Task material below:

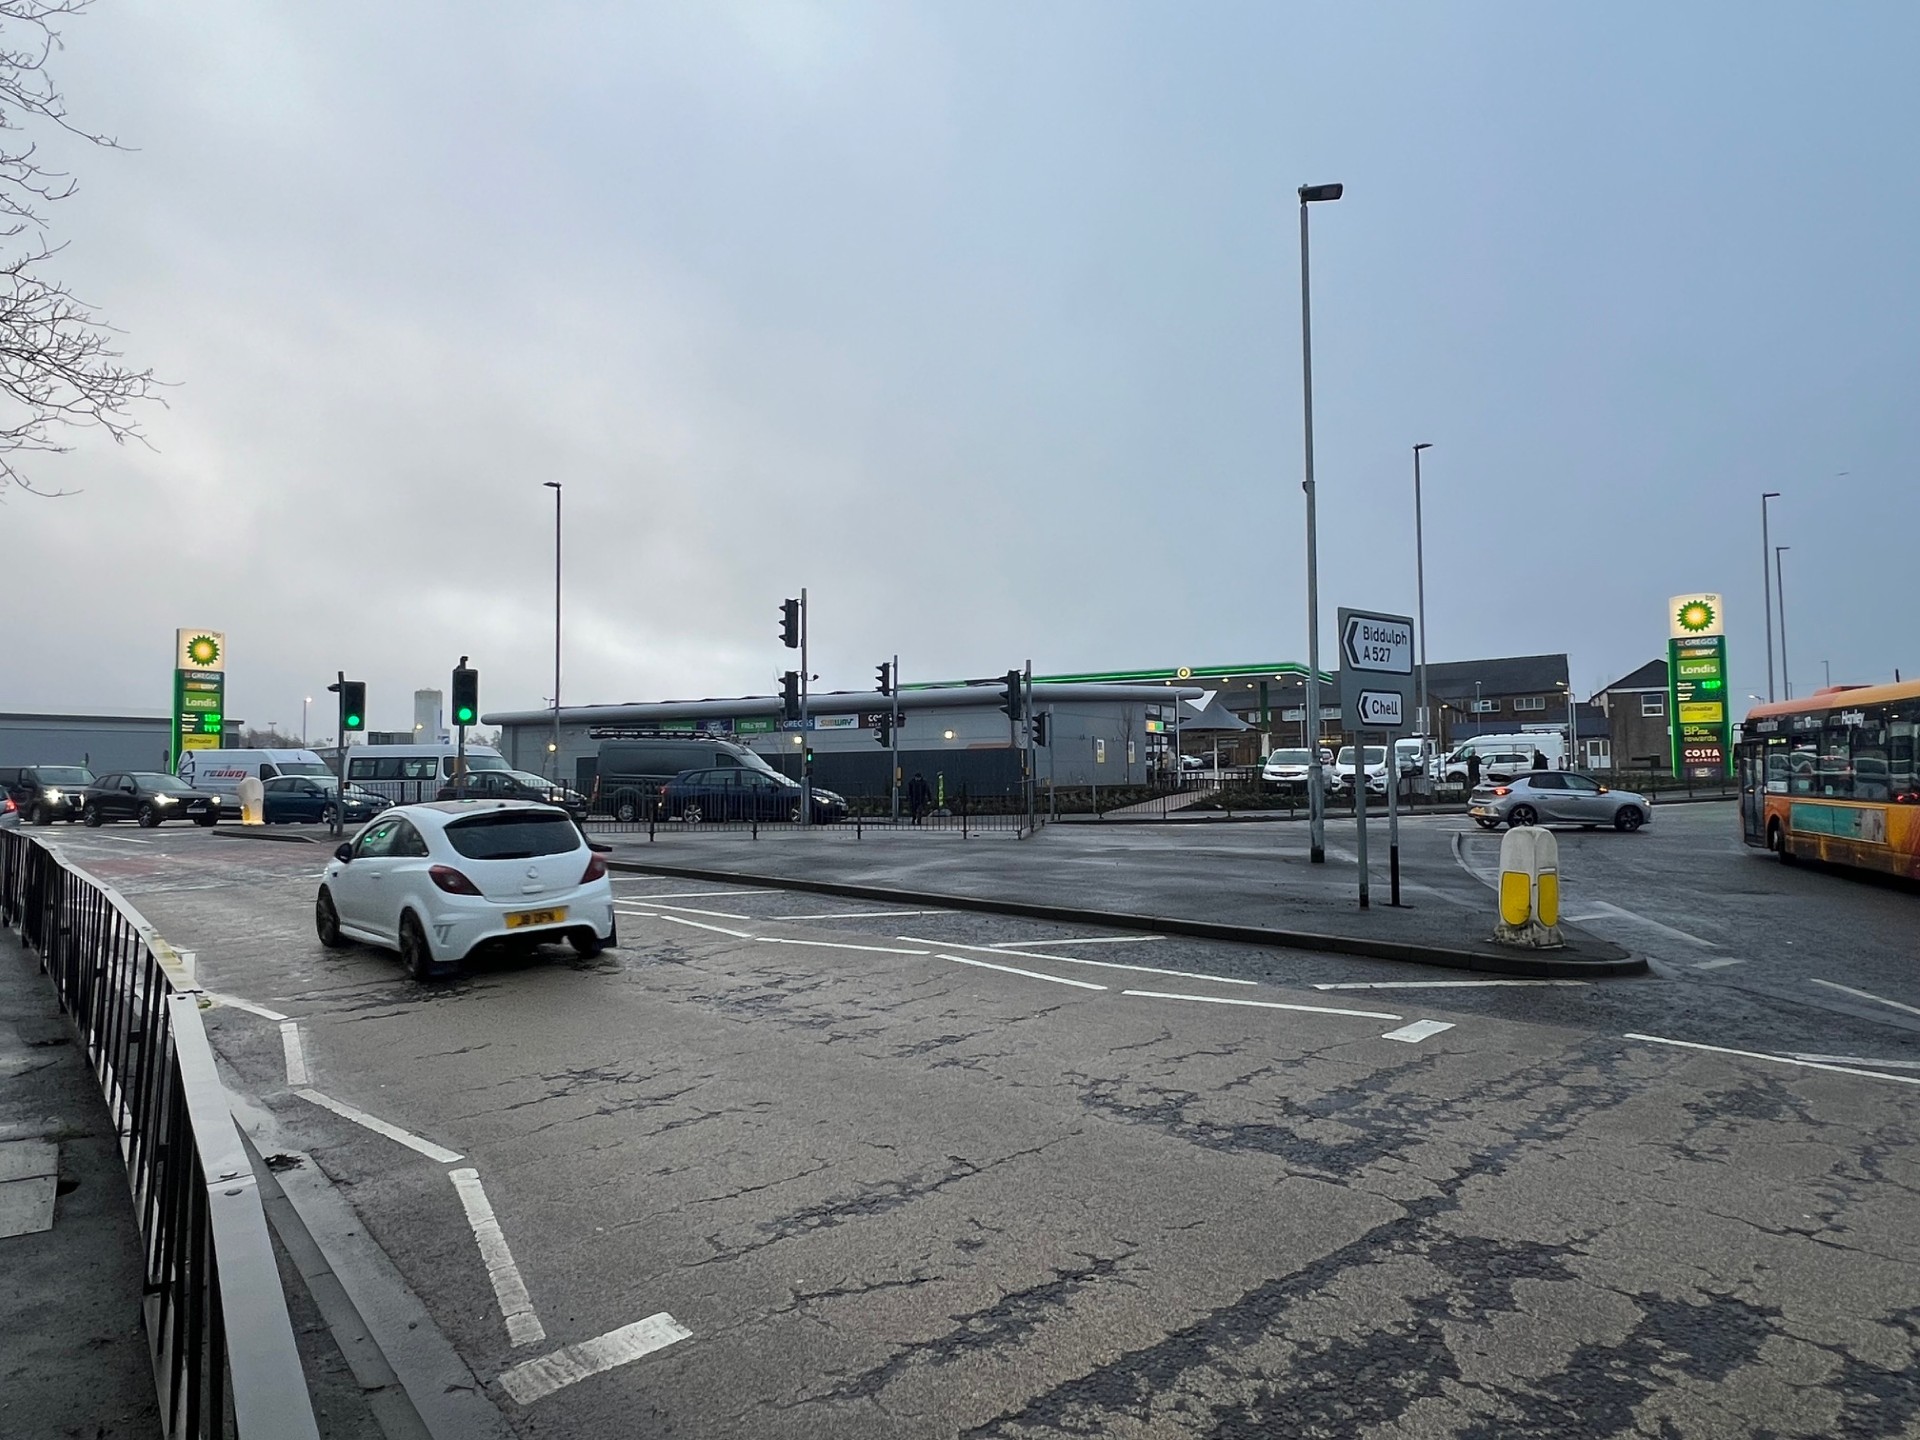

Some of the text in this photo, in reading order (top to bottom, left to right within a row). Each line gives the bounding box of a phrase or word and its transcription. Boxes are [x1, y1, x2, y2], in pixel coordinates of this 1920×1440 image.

[1363, 626, 1407, 646] Biddulph
[1685, 638, 1718, 646] GREGGS
[1363, 646, 1391, 662] A 527
[1680, 664, 1717, 674] Londis
[191, 672, 221, 681] GREGGS
[185, 697, 217, 707] Londis
[1372, 700, 1398, 715] Chell
[819, 718, 854, 727] SUBWAY
[1684, 749, 1720, 757] COSTA

End of Task material.

▶ [Work request]:
Drop the images and copy all the data exactly.

▶ [Solution]:
Some of the text in this photo, in reading order (top to bottom, left to right within a row). Each line gives the bounding box of a phrase or word and its transcription. Boxes are [x1, y1, x2, y2], in pixel coordinates of this 1920×1440 image.

[1363, 626, 1407, 646] Biddulph
[1685, 638, 1718, 646] GREGGS
[1363, 646, 1391, 662] A 527
[1680, 664, 1717, 674] Londis
[191, 672, 221, 681] GREGGS
[185, 697, 217, 707] Londis
[1372, 700, 1398, 715] Chell
[819, 718, 854, 727] SUBWAY
[1684, 749, 1720, 757] COSTA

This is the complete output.